If a record below holds a picture, leave the picture out and copy the rest exactly.

*** LISTED RECORDS Section Begins ***

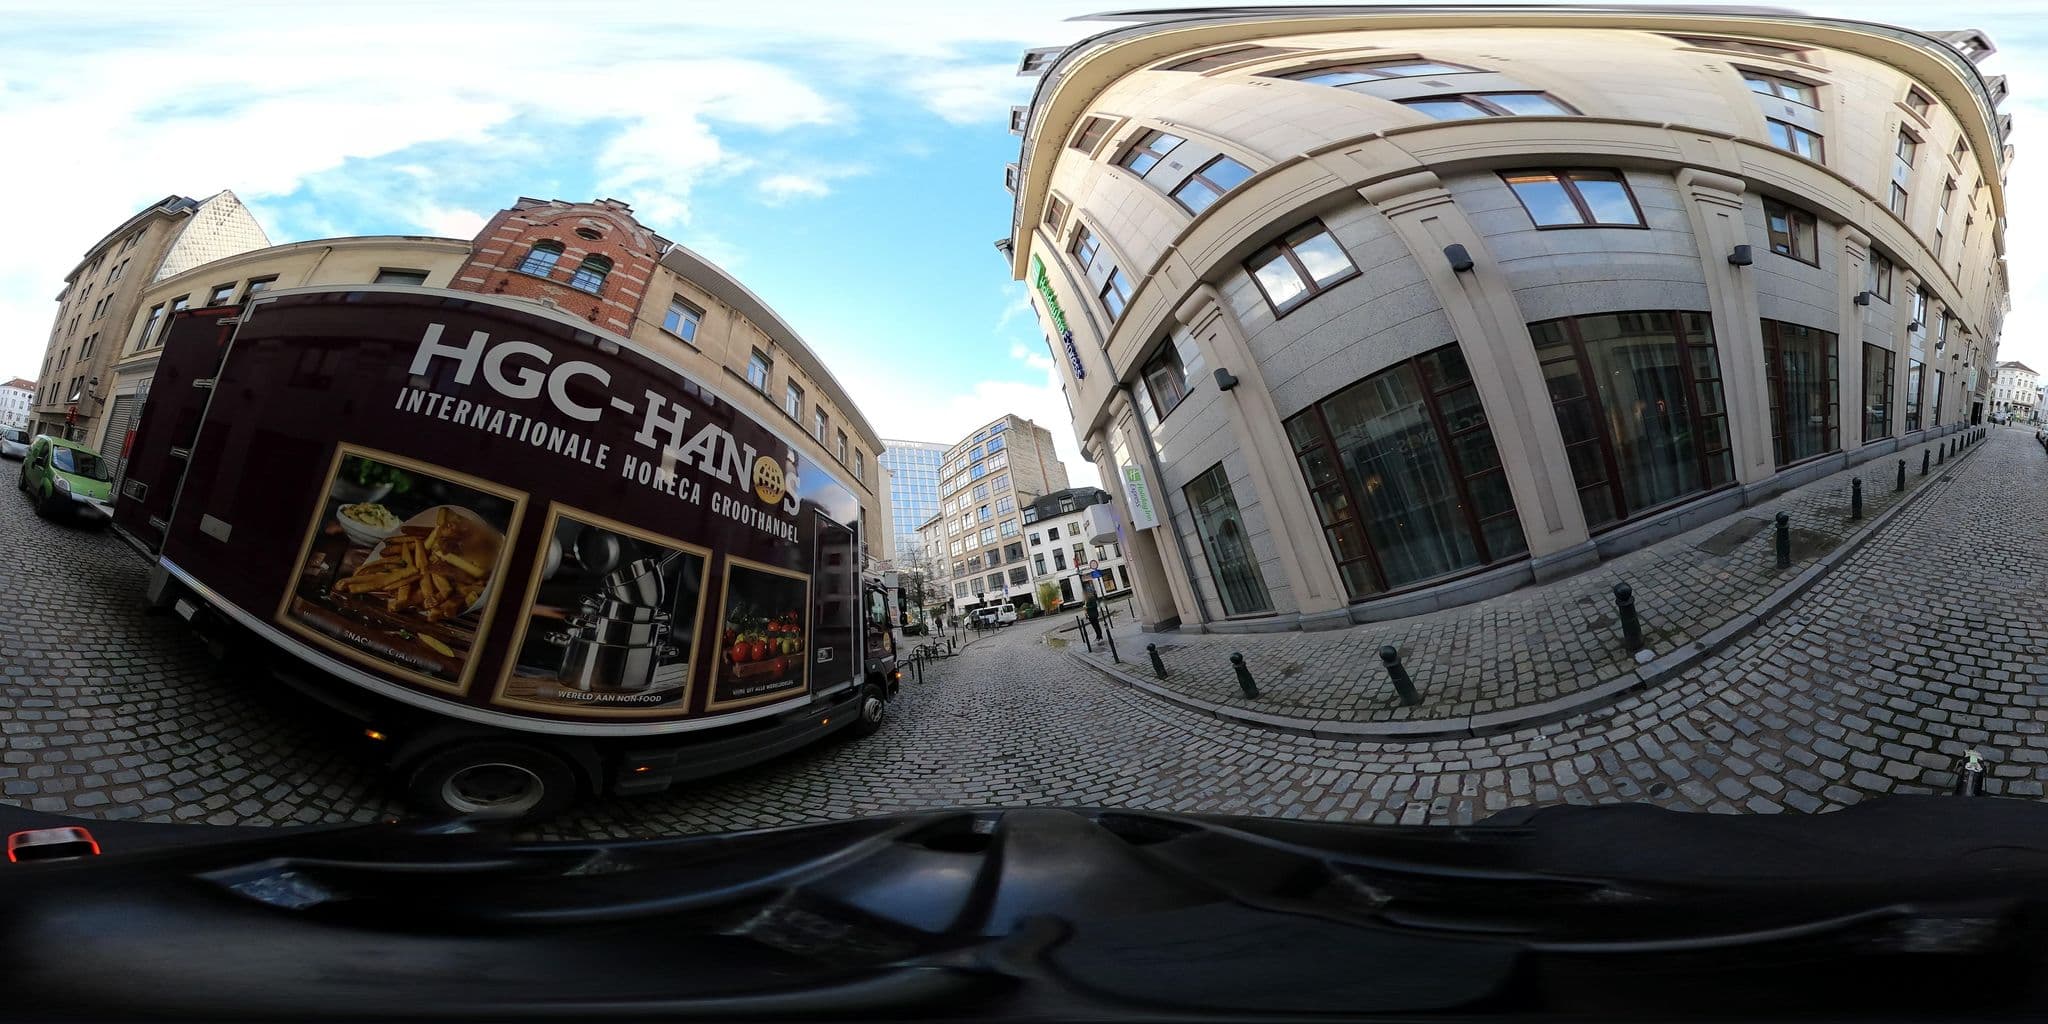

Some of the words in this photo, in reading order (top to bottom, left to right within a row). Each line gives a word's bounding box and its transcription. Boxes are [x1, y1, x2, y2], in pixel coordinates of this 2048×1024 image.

[395, 387, 611, 470] INTERNATIONALE
[621, 454, 702, 506] HORECA
[711, 492, 799, 544] GROOTHANDEL
[409, 323, 801, 516] HGC-HANOS
[558, 690, 593, 700] WERELD
[595, 694, 615, 702] AAN

*** LISTED RECORDS Section Ends ***

- **WRITTEN SOLUTION**
Some of the words in this photo, in reading order (top to bottom, left to right within a row). Each line gives a word's bounding box and its transcription. Boxes are [x1, y1, x2, y2], in pixel coordinates of this 2048×1024 image.

[395, 387, 611, 470] INTERNATIONALE
[621, 454, 702, 506] HORECA
[711, 492, 799, 544] GROOTHANDEL
[409, 323, 801, 516] HGC-HANOS
[558, 690, 593, 700] WERELD
[595, 694, 615, 702] AAN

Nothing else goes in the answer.